Some For-my-Information:

  1. Underscores = warnings but not deal breakers according to Keemei
  2. If you don’t have numeric data input nothing - Keemie and qiiime are fine with that
  3. When working in google sheets as off 5/30/2018 - their version inserts extra tab characters when you export to TSV. Even if you highlight your specific cells and export from there. When you type :set list in VIM you will see them as extra ^I characters. I had to get rid of those.

Thanks!

4 Likes

Ugh, I don’t like Keemei :clown_face:

Hm, you’re making me at least rethink the use of n.a in our empty cells. We tend to validate using the old QIIME1 mapping tool validation. There, placing n.a in those columns were accepted, but thanks for the tip. I will re-think those mapping files.

These aren't keemei issues. keemei is actually helping here, not hurting.

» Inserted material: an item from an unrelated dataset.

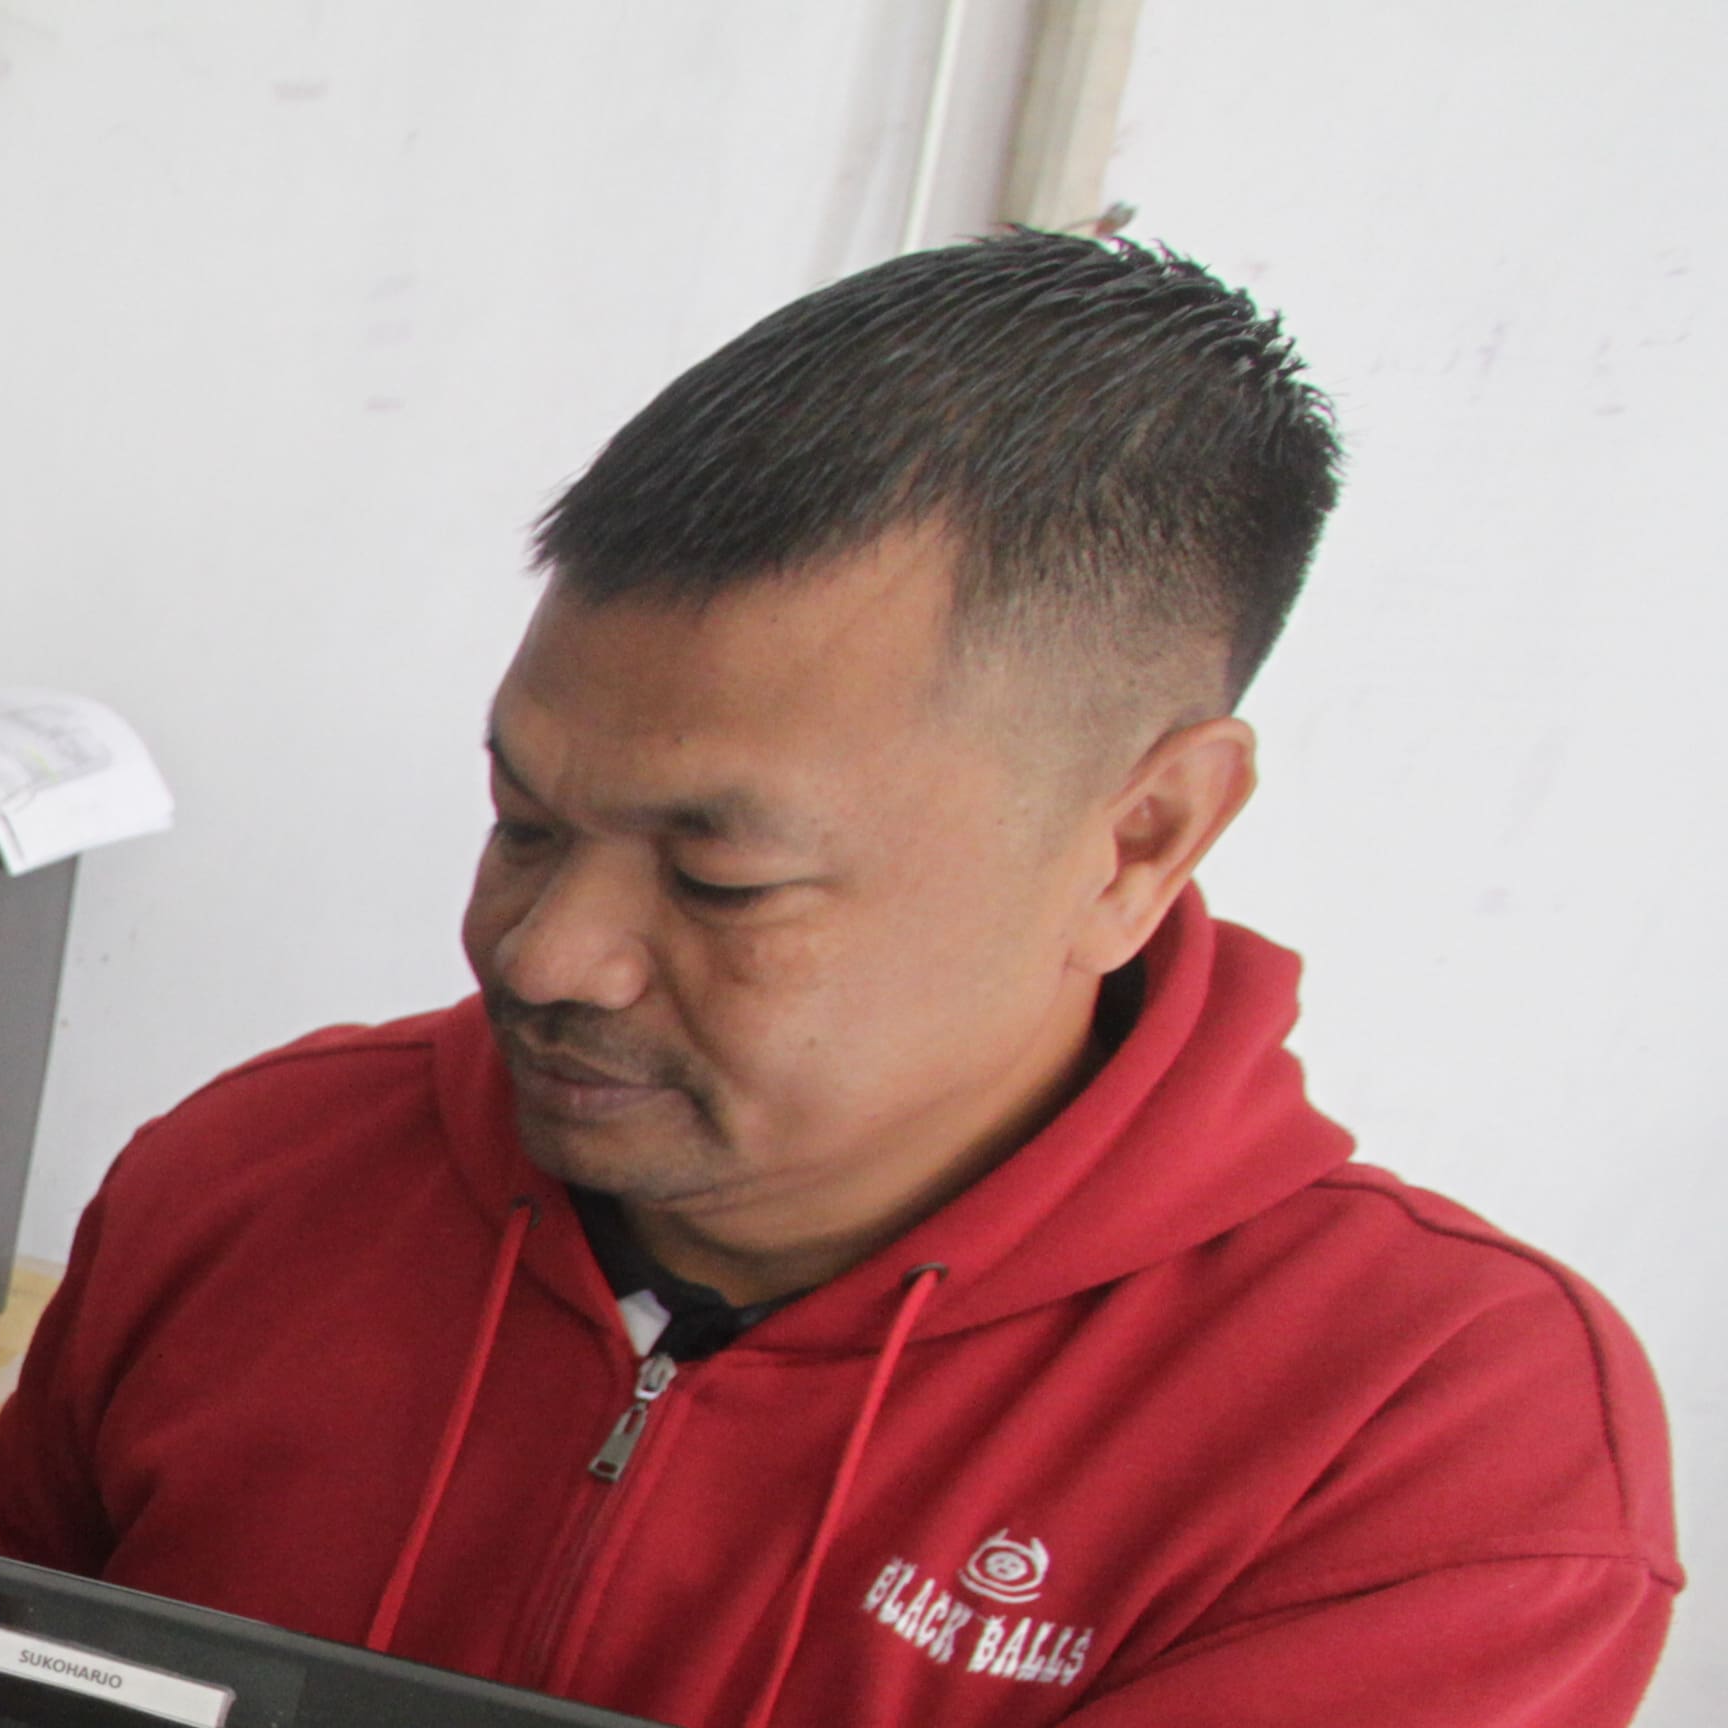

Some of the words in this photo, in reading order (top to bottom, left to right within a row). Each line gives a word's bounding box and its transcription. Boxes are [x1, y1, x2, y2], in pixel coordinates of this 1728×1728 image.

[863, 1556, 973, 1664] BLACK
[967, 1615, 1093, 1687] BALLS
[18, 1649, 123, 1689] SUKOHARJO

they have nothing to do with keemei, specifically. keemei is just validating based on the QIIME2 specifications (and these are recommendations). Keemei is a tool we make to help validate qiime1 and qiime2 sample metadata files — it is in no way a "burden". And in most cases these are not arbitrary rules that QIIME2 is making — it's often underlying software or just good sense (e.g., see below about n.a. values). So don't hate the player, hate the game.

keemei is your friend :smile:

that is okay (because :qiime2: is backwards-compatible with qiime1-style metadata files) but you're sticking to the old ways.

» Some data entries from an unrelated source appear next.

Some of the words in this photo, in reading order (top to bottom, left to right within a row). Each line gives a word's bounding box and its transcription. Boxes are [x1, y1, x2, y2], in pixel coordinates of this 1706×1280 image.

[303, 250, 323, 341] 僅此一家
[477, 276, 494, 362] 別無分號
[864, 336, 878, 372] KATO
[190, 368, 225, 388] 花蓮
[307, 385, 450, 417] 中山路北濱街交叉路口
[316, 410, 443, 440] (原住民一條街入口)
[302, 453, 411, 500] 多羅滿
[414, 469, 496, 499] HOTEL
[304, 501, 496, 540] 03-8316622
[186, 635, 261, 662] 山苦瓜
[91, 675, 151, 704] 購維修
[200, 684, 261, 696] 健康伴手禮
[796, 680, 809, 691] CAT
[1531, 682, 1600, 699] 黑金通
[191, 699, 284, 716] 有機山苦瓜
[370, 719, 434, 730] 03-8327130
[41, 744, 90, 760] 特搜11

You don't need to use keemei to validate a sample metadata file for use in :qiime2:, but it helps if you are unsure if your file meets expectations.

QIIME2 is actually quite flexible in terms of metadata. E.g., you could use those n.a. values if you feel so inclined. But these are not actually recognized as empty values, as described here and here. Empty spaces are — which means that those samples can be automatically removed during some statistical tests. n.a. values would get interpreted as a different group and, in the case of numeric columns, will cause methods requiring numeric values to error (because n.a. isn't a number, nor is it missing data).

Because most QIIME2 methods are okay with underscores — but this is not guaranteed (particularly for 3rd party plugins). Some software doesn't like underscores in sample names, so some 3rd party plugins may not support that, or :bug:s can arise.

QIIME2 metadata is meant to be flexible, and keemei is there to help. Warnings are there to help you find the "right" way (or at least a better way that will avoid conflicts)

4 Likes

I am after all, wary and afraid of change. Thanks for the clarification.

4 Likes

This topic was automatically closed 31 days after the last reply. New replies are no longer allowed.